Darren talks about reading George Polya’s 10 Commandments for Teachers and how that has affected his teaching.
THE TEN COMMANDMENTS FOR TEACHERS
In chapter 14 of Mathematical Discovery Polya lists his Ten Commandments For Teachers. They have been a guiding light for me as a teacher since I first read them.
1. Be interested in your subject.Darren continues
2. Know your subject.
3. Know about the ways of learning: The best way to learn anything is to discover it by yourself.
4. Try to read the faces of your students, try to see their expectations and difficulties, put yourself in their place.
5. Give them not only information, but "know-how," attitudes of mind, the habit of methodical work.
6. Let them learn guessing.
7. Let them learn proving.
8. Look out for such features of the problem at hand as may be useful in solving the problems to come — try to disclose the general pattern that lies behind the present concrete situation.
9. Do not give away your whole secret at once — let the students guess before you tell it — let them find out by themselves as much as is feasible.
10. Suggest it, do not force it down their throats.
Polya identifies the single most powerful and infallible teaching method: "If the teacher is bored by what he is teaching it is a certainty that all his students will be too." I believe the inverse is also true: If a teacher is interested in what they are teaching their students will be too. Actually, "interest" by itself may not be enough; passion is a virus. There is a contagion in passion that can be passed on.

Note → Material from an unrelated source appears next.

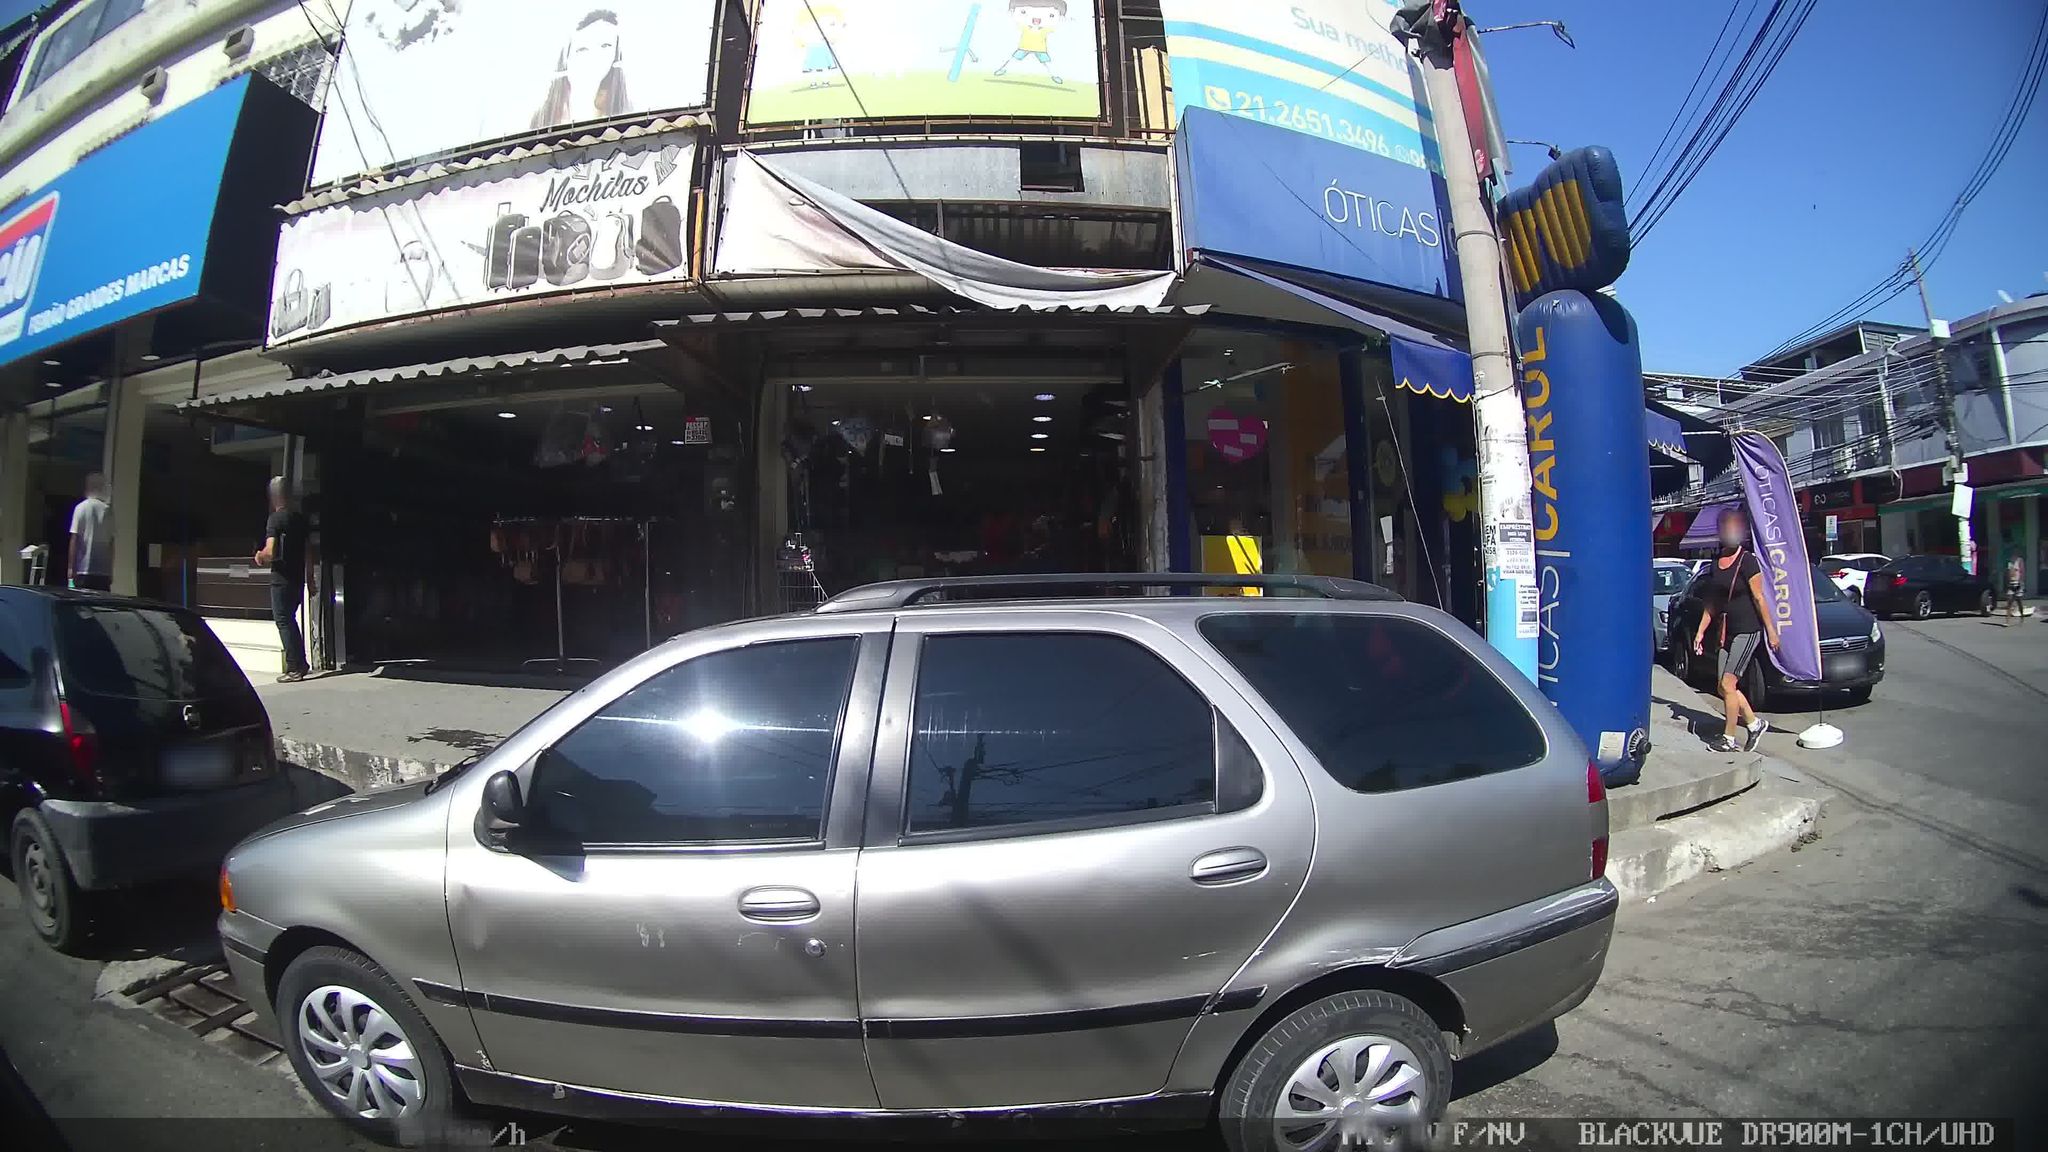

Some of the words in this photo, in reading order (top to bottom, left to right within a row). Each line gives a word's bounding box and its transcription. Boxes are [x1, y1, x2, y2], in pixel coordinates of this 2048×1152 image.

I would rewrite Polya's first commandment as: "Be passionate about your subject." If you can't do that then I guess interest will have to do but if you don't have even that, do something else.Passion for teaching is very important. Passion for learning is very important. Teachers must show a passion for what they are teaching.
When students see that teachers are passionate about their subject, passionate about learning, then the students will see a reason to learn.
Teachers who are passionate about learning do not always get every page of the curriculum finished, but their students can carry on the learning on their own, for the rest of their lives.
Rather than making good marks on a true-false/multiple choice test at the end of each grade, students progress should be measured by how well they know how to learn, how well they can compete for the job that they have a passion for, how well they can convey that passion to their customers when they have that job. These are true measures of learning and value. We are not trying to prepare our students of the 21st century to be able to spout facts verbatim when asked. We are preparing them for their futures, their lives, their livelihoods.
If we, as teachers, can ignite a passion in our students to learn, to know how to learn, to know when it is necessary to learn more, we have succeeded as teachers, no matter what the test scores say.
How do you show
your passion for life,
for learning, and for teaching
so that your students know
in their own lives?[As always, in my author quotes, the underlines, color changes, and bold type is mine, not the author’s!]